Description of the task: Copy out all the lines of the data precisely, omitting any pictures.

+++++

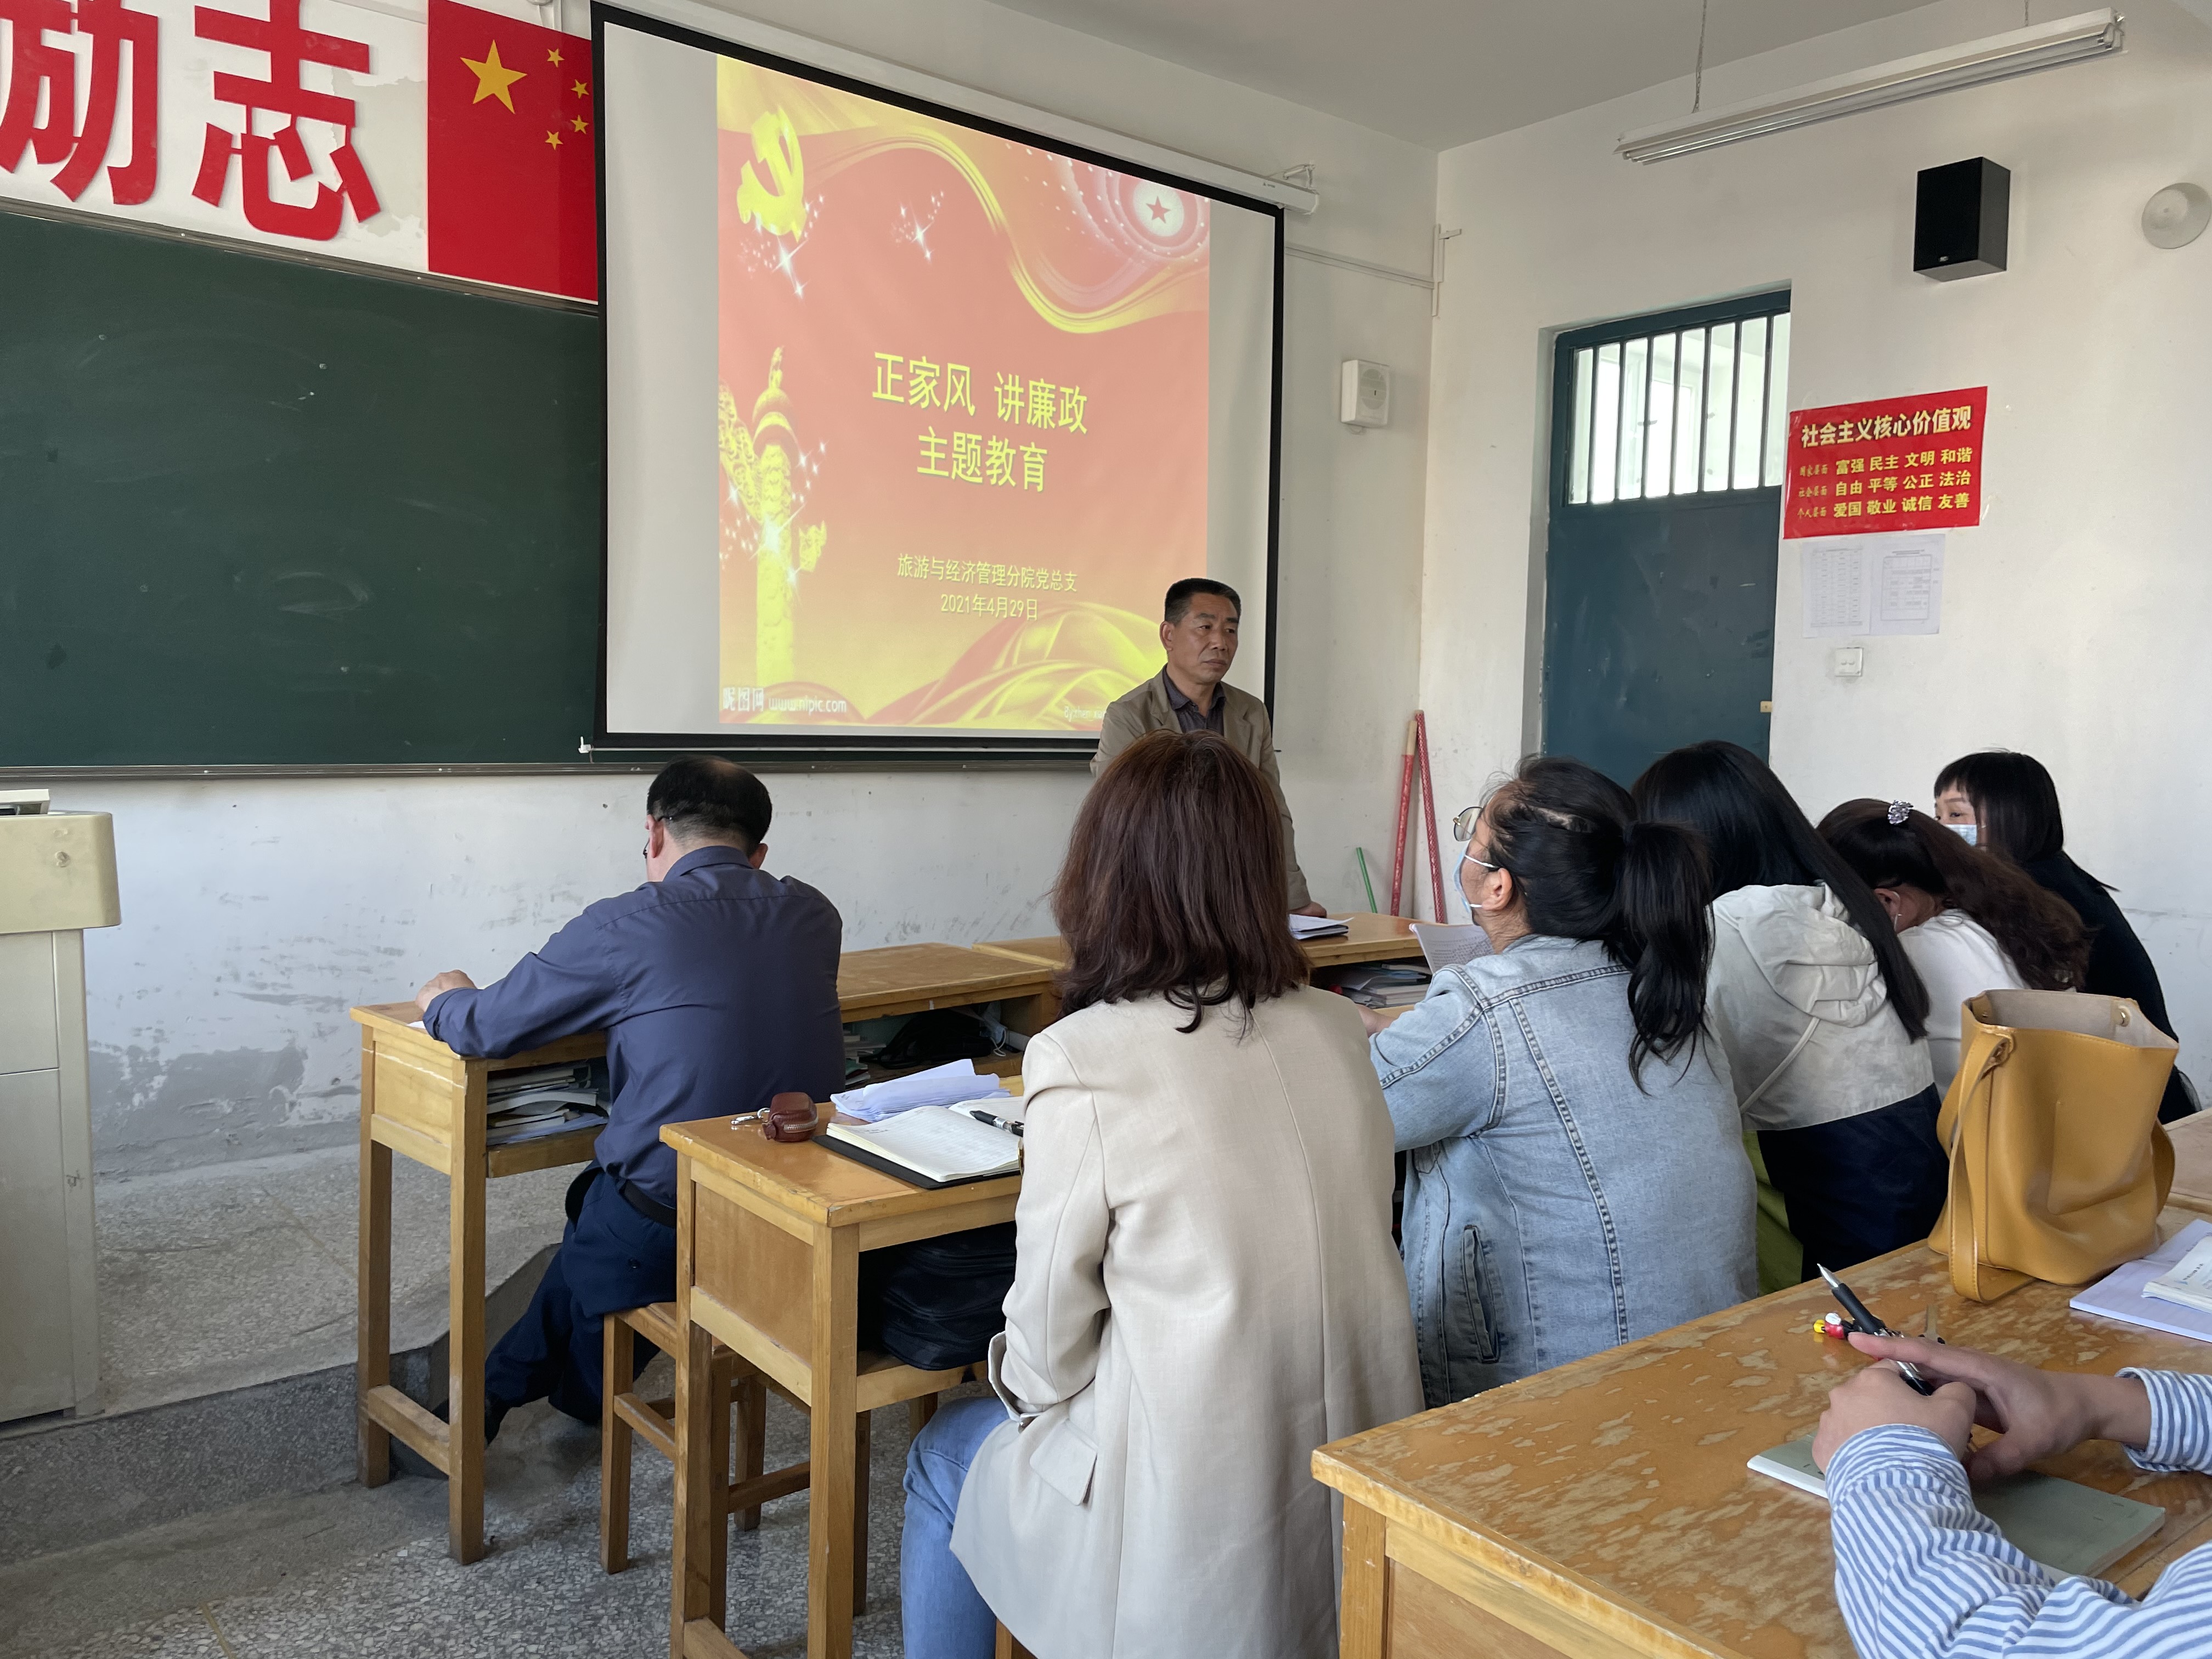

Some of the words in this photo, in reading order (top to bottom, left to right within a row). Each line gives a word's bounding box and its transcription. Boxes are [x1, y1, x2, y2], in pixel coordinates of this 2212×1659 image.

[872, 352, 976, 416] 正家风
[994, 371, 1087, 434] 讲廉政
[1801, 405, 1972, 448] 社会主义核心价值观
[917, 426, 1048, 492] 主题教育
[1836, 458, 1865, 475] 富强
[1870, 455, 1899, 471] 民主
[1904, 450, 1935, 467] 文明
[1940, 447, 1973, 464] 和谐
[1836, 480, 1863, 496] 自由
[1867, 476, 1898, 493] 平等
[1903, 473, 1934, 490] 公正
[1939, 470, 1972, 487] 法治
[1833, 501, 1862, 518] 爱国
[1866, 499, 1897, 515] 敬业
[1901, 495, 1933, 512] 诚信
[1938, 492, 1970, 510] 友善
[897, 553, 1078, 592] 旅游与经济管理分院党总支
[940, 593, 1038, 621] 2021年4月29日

+++++

Final answer:
Some of the words in this photo, in reading order (top to bottom, left to right within a row). Each line gives a word's bounding box and its transcription. Boxes are [x1, y1, x2, y2], in pixel coordinates of this 2212×1659 image.

[872, 352, 976, 416] 正家风
[994, 371, 1087, 434] 讲廉政
[1801, 405, 1972, 448] 社会主义核心价值观
[917, 426, 1048, 492] 主题教育
[1836, 458, 1865, 475] 富强
[1870, 455, 1899, 471] 民主
[1904, 450, 1935, 467] 文明
[1940, 447, 1973, 464] 和谐
[1836, 480, 1863, 496] 自由
[1867, 476, 1898, 493] 平等
[1903, 473, 1934, 490] 公正
[1939, 470, 1972, 487] 法治
[1833, 501, 1862, 518] 爱国
[1866, 499, 1897, 515] 敬业
[1901, 495, 1933, 512] 诚信
[1938, 492, 1970, 510] 友善
[897, 553, 1078, 592] 旅游与经济管理分院党总支
[940, 593, 1038, 621] 2021年4月29日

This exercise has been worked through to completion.